The EMV Spec 4.3 Vol 2 defines the different modes for CDA ("Combined Data Authentication") with a chart:

+----+-------------------+-----------------------------------+
|Mode|Request CDA on ARQC|Request CDA on 2nd GEN AC (TC)     |
|    |                   |after approved online authorisation|
+----+-------------------+-----------------------------------+
| 1  |        Yes        |              Yes                  |
| 2  |        Yes        |              No                   |
| 3  |        No         |              No                   |
| 4  |        No         |              Yes                  |
+----+-------------------+-----------------------------------+

My question: If a PinPad is in CDA Mode 3, does it actually perform the data authentication step at all?

The PinPad I am using is in CDA Mode 3 and it appears to be doing so sometime in the ARPC validation/TC generation step as evidenced by the Byte 1, Bit 8 of the TVR being set to zero at that time. However, the chart above would lead me to believe that it is not.

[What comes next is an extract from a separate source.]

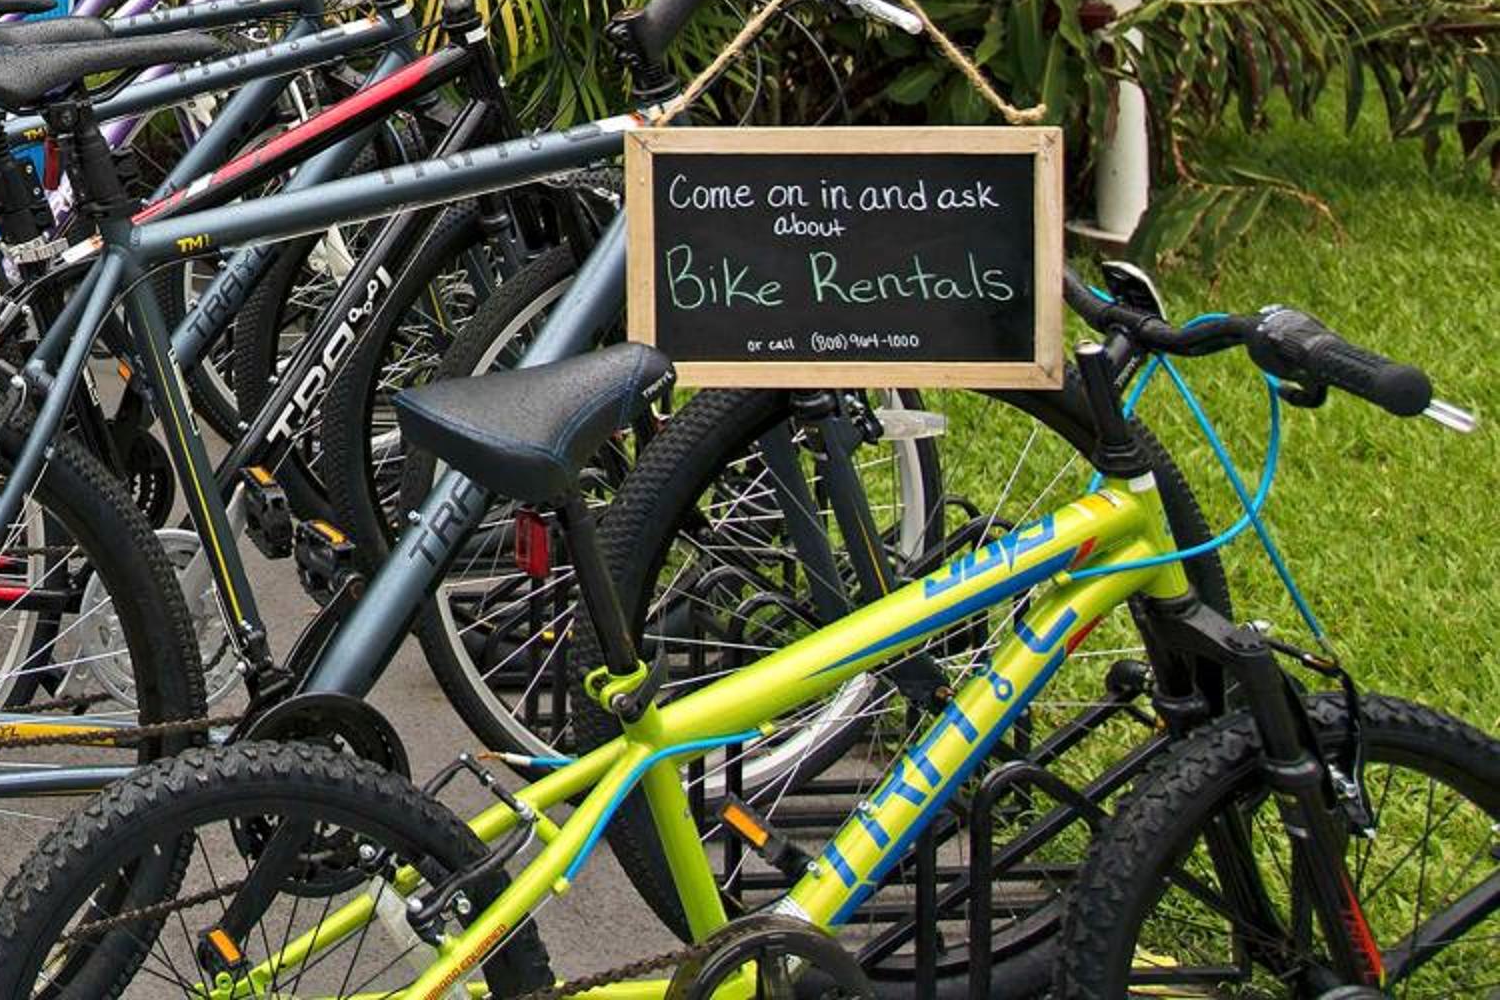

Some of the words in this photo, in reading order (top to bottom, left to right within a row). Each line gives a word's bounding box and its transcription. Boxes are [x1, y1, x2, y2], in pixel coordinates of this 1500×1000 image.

Unfortunately, I don't have a UL or Collis tool to get inside the PinPad to see the PinPad/chip flow.

1
emv
CDA is done by the terminal, not the PIN Pad device. PIN has not got anything to with CDAAdarsh Nanu
@AdarshNanu CDA is normally performed where the kernel resides - it might be PIN Pad, it might be terminal, it might be device handler (quite ineffective, but feasible and used in some countries). Also, remember that partial kernels might implement some functions (like Cardholder Verification) and may reside physically in different device.Michal Gluchowski

1 Answers

2
votes

Short answer to your question is YES - the acceptance device will perform card authentication. When it comes to ODA, it might be also SDA (already obsolete) or DDA that will happen regardless of CDA mode.

CDA mode 3 means only that ODA will not be performed if other CAM (Card Authentication Method) is available. It will still happen for offline accepted transactions.

To clarify, the Card Authentication Methods:

  • Offline CAM = PKI based Offline Data Authentication which CDA is an example of
  • Online CAM = symmetric cryptography based verification of cryptograms during online communication.

In early days of EMV implementation acceptance devices had quite limited processing power - they were mostly based on 8-bit microcontrollers which meant it took ages to perform RSA with larger modulus. That's why CDA mode 3 was introduced - to avoid performing resource-heavy offline CAM when online CAM is available - in online transactions. That was perceived an optimization in the time and was recommended by schemes and EMVCo. In today terms, CDA mode 1 is widely adopted and I don't remember any recent Type Approvals with CDA mode 3. If you have a device with it, you might be dealing with an old device with an expired approval.

ARPC verification (Issuer Authentication step) you mention is not reflected in TVR B1b8 - it's only an indication that ODA was not performed, which (apart from CDA mode 3 situation) might also be when card and terminal do not support any common authentication method (some online-only terminals do not need to perform ODA; some non-expiring cards do not support ODA as well). Issuer Authentication might be explicit (when AIP in the card indicates it and you received ARPC in the response), but might happen also implicitly (when AIP doesn't indicate it but card requests ARPC in CDOL2) and you might not see it indicated in TVR.